Streptococcus gallolyticus, formerly known as Streptococcus bovis type 1, is a gram-positive coccus. It is commonly associated with infective endocarditis, particularly in patients with underlying gastrointestinal pathology and colorectal tumors [3, 4]. It is not clearly elucidated how Streptococcus gallolyticus accesses the bloodstream in patients without polyp [2]. One accepted theory is its passage through biliary channels, as Streptococcus gallolyticus bacteremia has been identified in cases of acute cholangitis and hepatic abscesses [5]. There is limited data about Streptococcus gallolyticus with colonic adenoma [6, 7]. The presence of Streptococcus gallolyticus in the colonic adenoma and later mainly found in colorectal cancer demonstrates its possible role in the pathogenesis and oncogenesis in the progression from colonic adenoma to adenocarcinoma [4].

We presented a case of infective endocarditis secondary to Streptococcus gallolyticus bacteremia originating from abdominal wall cellulitis. In our case, no association was found between the source of Streptococcus gallolyticus and colon cancer.
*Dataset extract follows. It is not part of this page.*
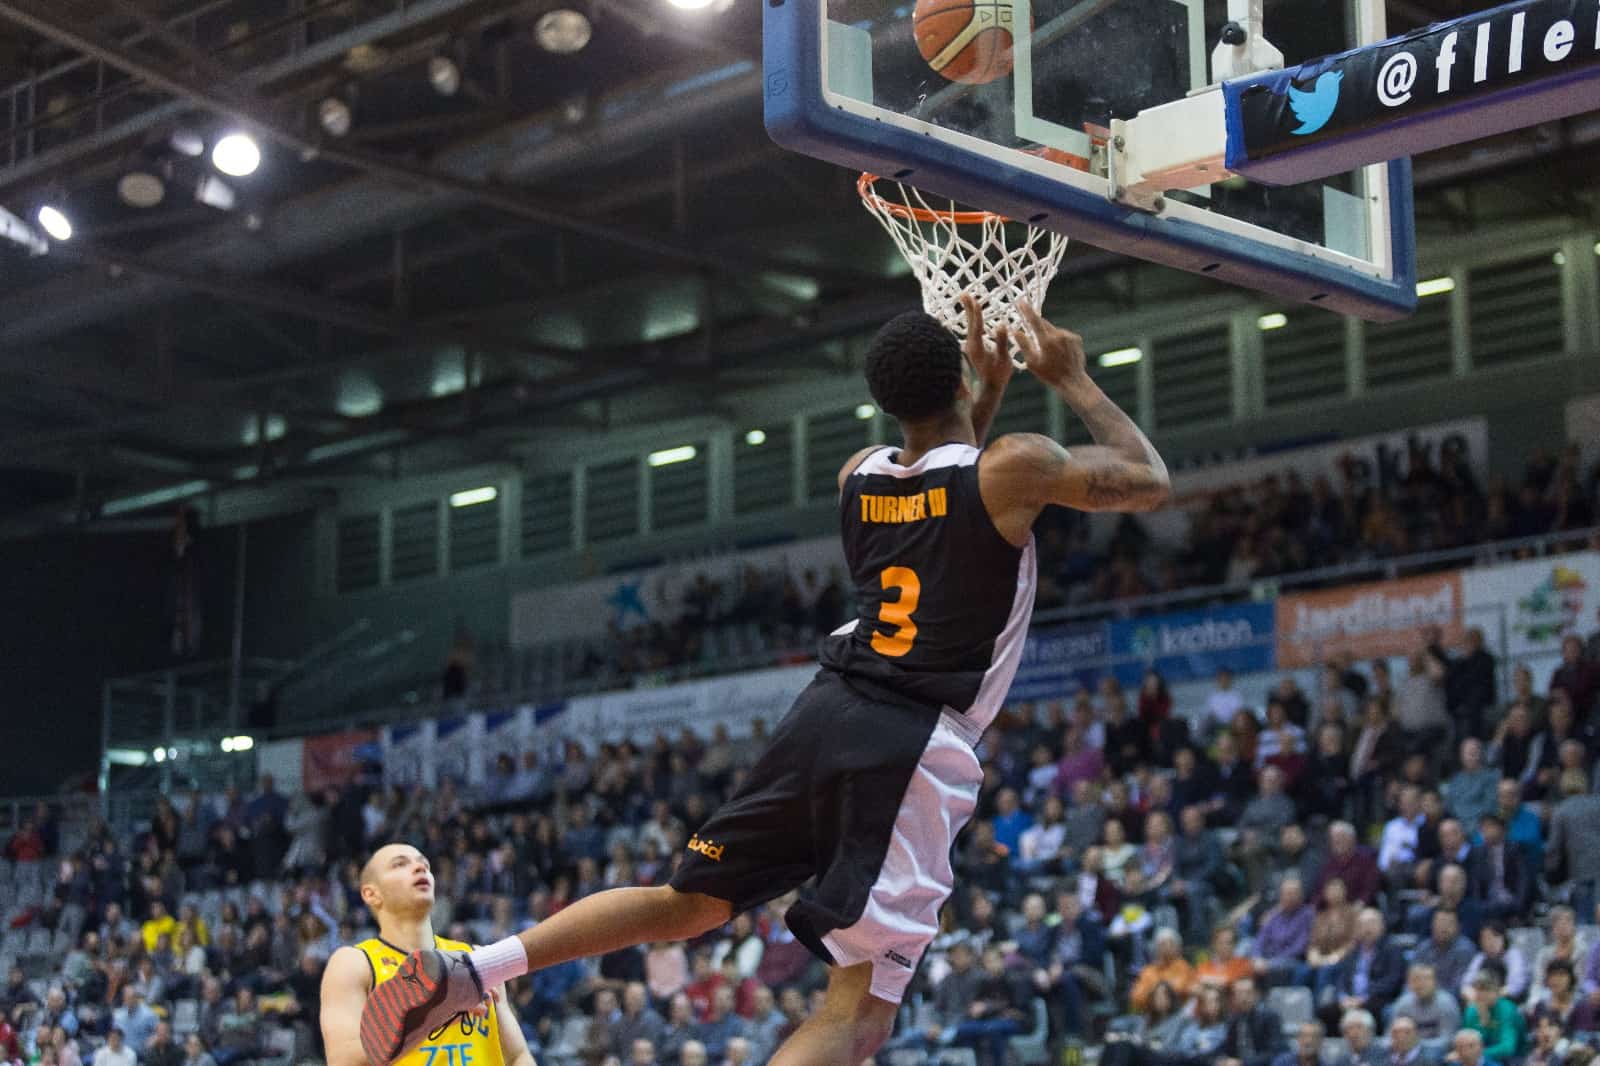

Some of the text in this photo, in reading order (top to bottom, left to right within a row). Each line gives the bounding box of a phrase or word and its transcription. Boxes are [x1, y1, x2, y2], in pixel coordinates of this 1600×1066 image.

[1377, 0, 1600, 107] @flle
[860, 487, 947, 523] TURNER III
[870, 566, 921, 657] 3
[420, 1043, 473, 1066] ZTE
However, we hypothesize that the Streptococcus gallolyticus-causing bacteremia and infective endocarditis in our patient were either related to the abdominal wall cellulitis or the benign colonic adenomas. The most common microbes in cellulitis are identified as Streptococcus pyogenes and Staphylococcus aureus [8]. However, Sacco et al. reported a rare case of Streptococcus gallolyticus endocarditis with lower extremities cellulitis and no macroscopic colonic pathology [9]. Therefore, the occurrence of Streptococcus gallolyticus as a cause of abdominal wall cellulitis is still possible.

Several studies showed that Streptococcus gallolyticus can manifest in conditions beyond infective endocarditis, including osteomyelitis and discitis [10, 11]. Management of pyogenic spondylodiscitis with six weeks of appropriate antibiotics based on the sensitivity was also recommended [12]. The significance of associating Streptococcus gallolyticus with not only malignant colonic polyps but also benign polyps should be emphasized, warranting careful monitoring during the management of patients presenting with similar presentation.

4. Conclusions

The association of Streptococcus gallolyticus bacteremia with colorectal carcinoma is well established in the literature. However, there are only a few reported cases in the literature of Streptococcus gallolyticus bacteremia associated with other conditions like abdominal wall cellulitis or benign colonic adenoma resulting in infective endocarditis. This bacterium can also potentially cause life-threatening complications beyond infective endocarditis, such as septic emboli, osteomyelitis, or discitis. This case report highlights an uncommon cause of infective endocarditis secondary to Streptococcus gallolyticus and its serious complications. The aim is to broaden the spectrum of possibilities in diagnosing and managing infections caused by these bacteria.

Data Availability

Data sharing does not apply to this article as no datasets were generated or analyzed during the current study.

Disclosure

This case report was presented at Hackensack Meridian Health Research Day 2023.

Conflicts of Interest

The authors declare that they have no conflicts of interest.